T Lymphocytes in Human Tuberculosis

Abstract

The manifestations of tuberculous infection reflect the immune response to infection. Most healthy tuberculin reactors develop protective immunity; tuberculous pleuritis reflects a resistant response manifest by mild disease, whereas advanced pulmonary and miliary tuberculosis reflect ineffective immunity. The role of γδ T cells was assessed in tuberculous infection by evaluating expansion of these cells from blood mononuclear cells after stimulation with Mycobacterium tuberculosis. After culture in vitro, the percentages of γδ⁺ cells were significantly greater in patients with protective and resistant immunity (tuberculin reactors, 25% ± 4%; tuberculous pleuritis, 30% ± 7%) than in those with ineffective immunity (advanced pulmonary tuberculosis, 9% ± 3%; miliary tuberculosis, 2% ± 1%).
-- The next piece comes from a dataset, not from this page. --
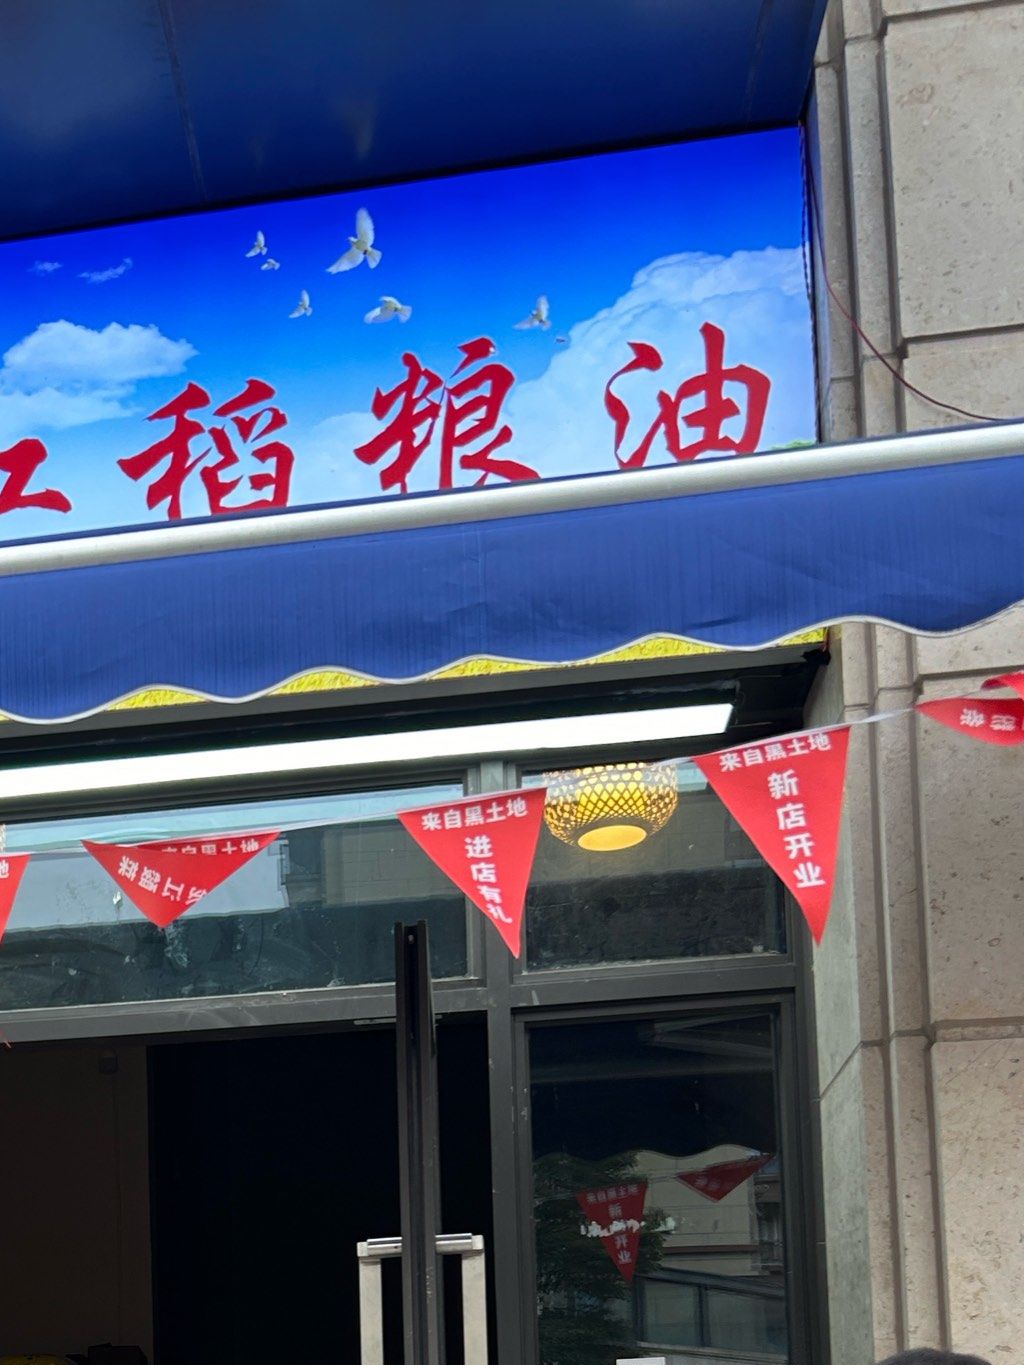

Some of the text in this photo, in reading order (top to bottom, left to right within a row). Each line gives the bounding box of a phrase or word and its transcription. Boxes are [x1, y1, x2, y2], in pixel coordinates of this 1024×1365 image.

[719, 732, 831, 773] 来自黑土地
[422, 797, 529, 831] 来自黑土地
[767, 769, 826, 888] 新店开业
[464, 836, 513, 924] 进店有礼
In leprosy, expansion of γδ⁺ cells was greater in immunologically resistant tuberculoid patients (32% ± 4%) than in Mycobacterium leprae-unresponsive lepromatous patients (9% ± 2%). M. tuberculosis-reactive γδ T cell lines produced interferon-γ, granulocyte-macrophage colony-stimulating factor, interleukin-3, and tumor necrosis factor-α, cytokines that activate macrophages and may contribute to mycobacterial elimination. These findings suggest that γδ T cells contribute to immune resistance against M. tuberculosis.